I have carefully considered the application and submissions of counsel and friends of this Court.  The views of Mr. Kabiito Karamagi and M/s Kalenge Bwanika Ssawa Company Advocates are quite helpful and address the very concerns this Court had when it first addressed its mind to this application.

 

This application is brought under section 234 of the Companies Act 2012 which states that:

“234. Power to compromise with Creditors and Members.

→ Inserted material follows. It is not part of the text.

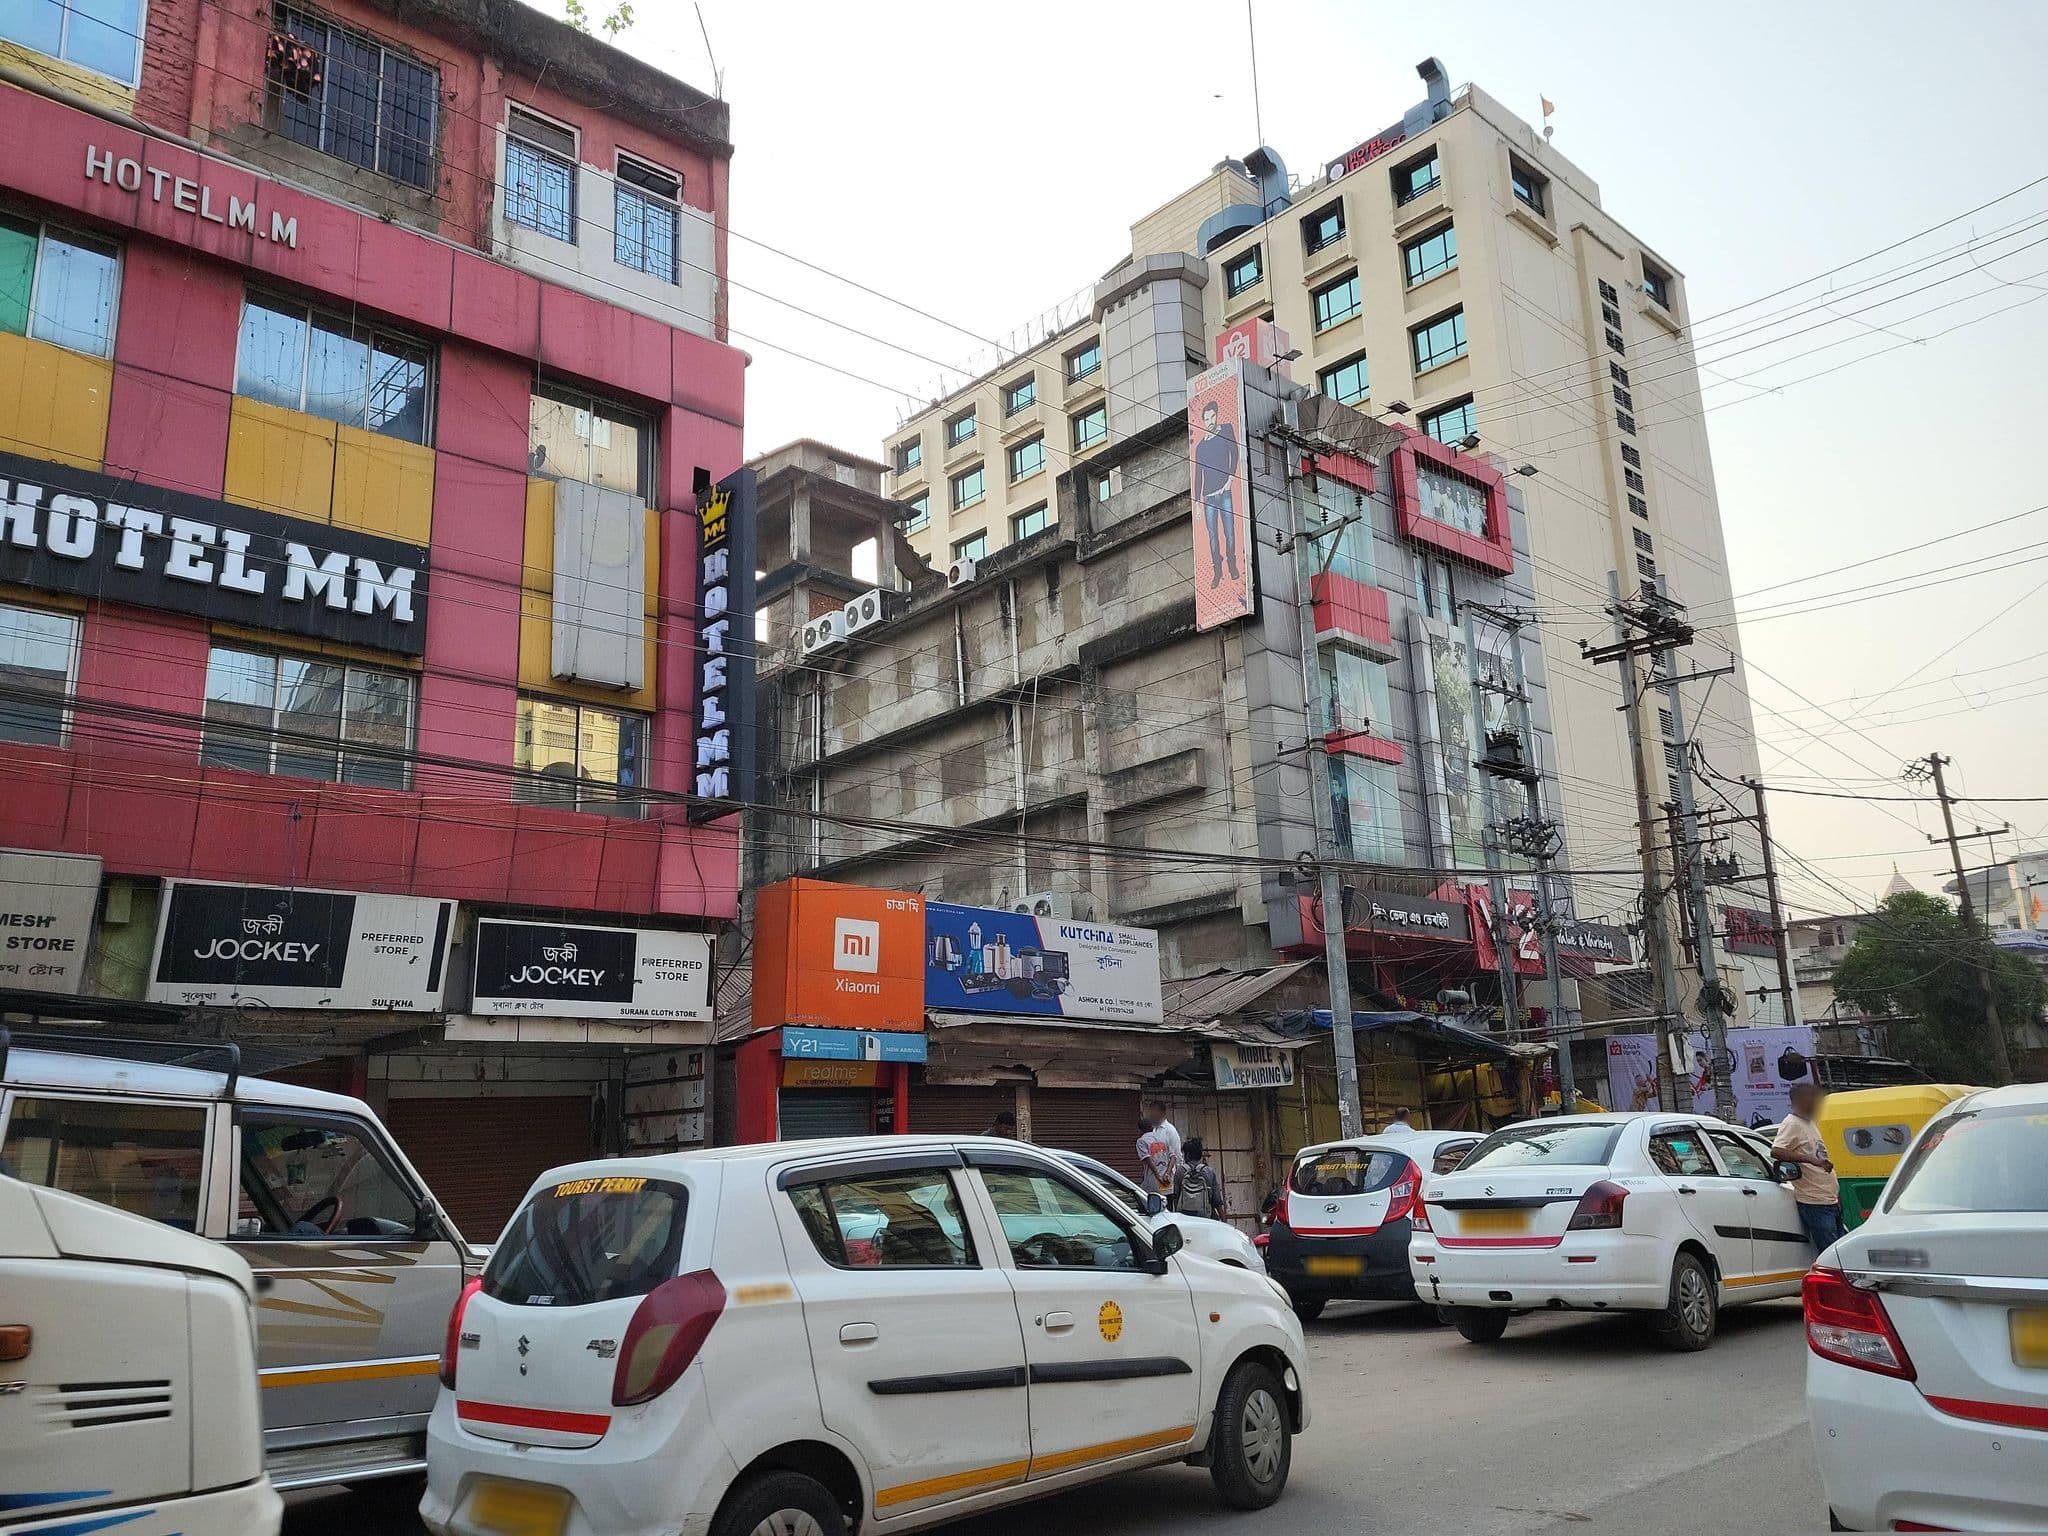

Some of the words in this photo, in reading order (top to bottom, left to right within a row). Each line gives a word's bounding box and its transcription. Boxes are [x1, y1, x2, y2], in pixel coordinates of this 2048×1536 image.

(1)        Where a compromise or arrangement is proposed between a Company and its Creditors or any class of them or between the Company and its Members or any class of them, the Court may, on the application of the Company or of any Creditor or member of the Company or where the case of a Company being wound up, of the liquidator order a meeting of the Creditors or class of Creditors or of the Members of the Company or class of Members as the case may be, to be summoned in such manner as the court directs.

 

(2)        Where the majority in number representing three-fourths in value of the Creditors or class of Creditors or Members or class of Members as the case may be, present and voting either in person or by proxy at the meeting, agree to any compromise or arrangement, the compromise or arrangement shall, if sanctioned by the court, be binding on all the Creditors or the class of Creditors or on the Members or class of Members as the case may be and also on the Company or in the case of a Company in the course of being wound up, on the Liquidator and Contributories of the Company.

 

(3)        An order made under subsection (2) shall have no effect until a certified copy of the order has been delivered to the Registrar for registration and a copy of the order shall be annexed to every copy of the Memorandum of the Company issued after the order has been made or in the case of a company not having a Memorandum, of every copy so issued of the Instrument constituting or defining the Constitution of the Company.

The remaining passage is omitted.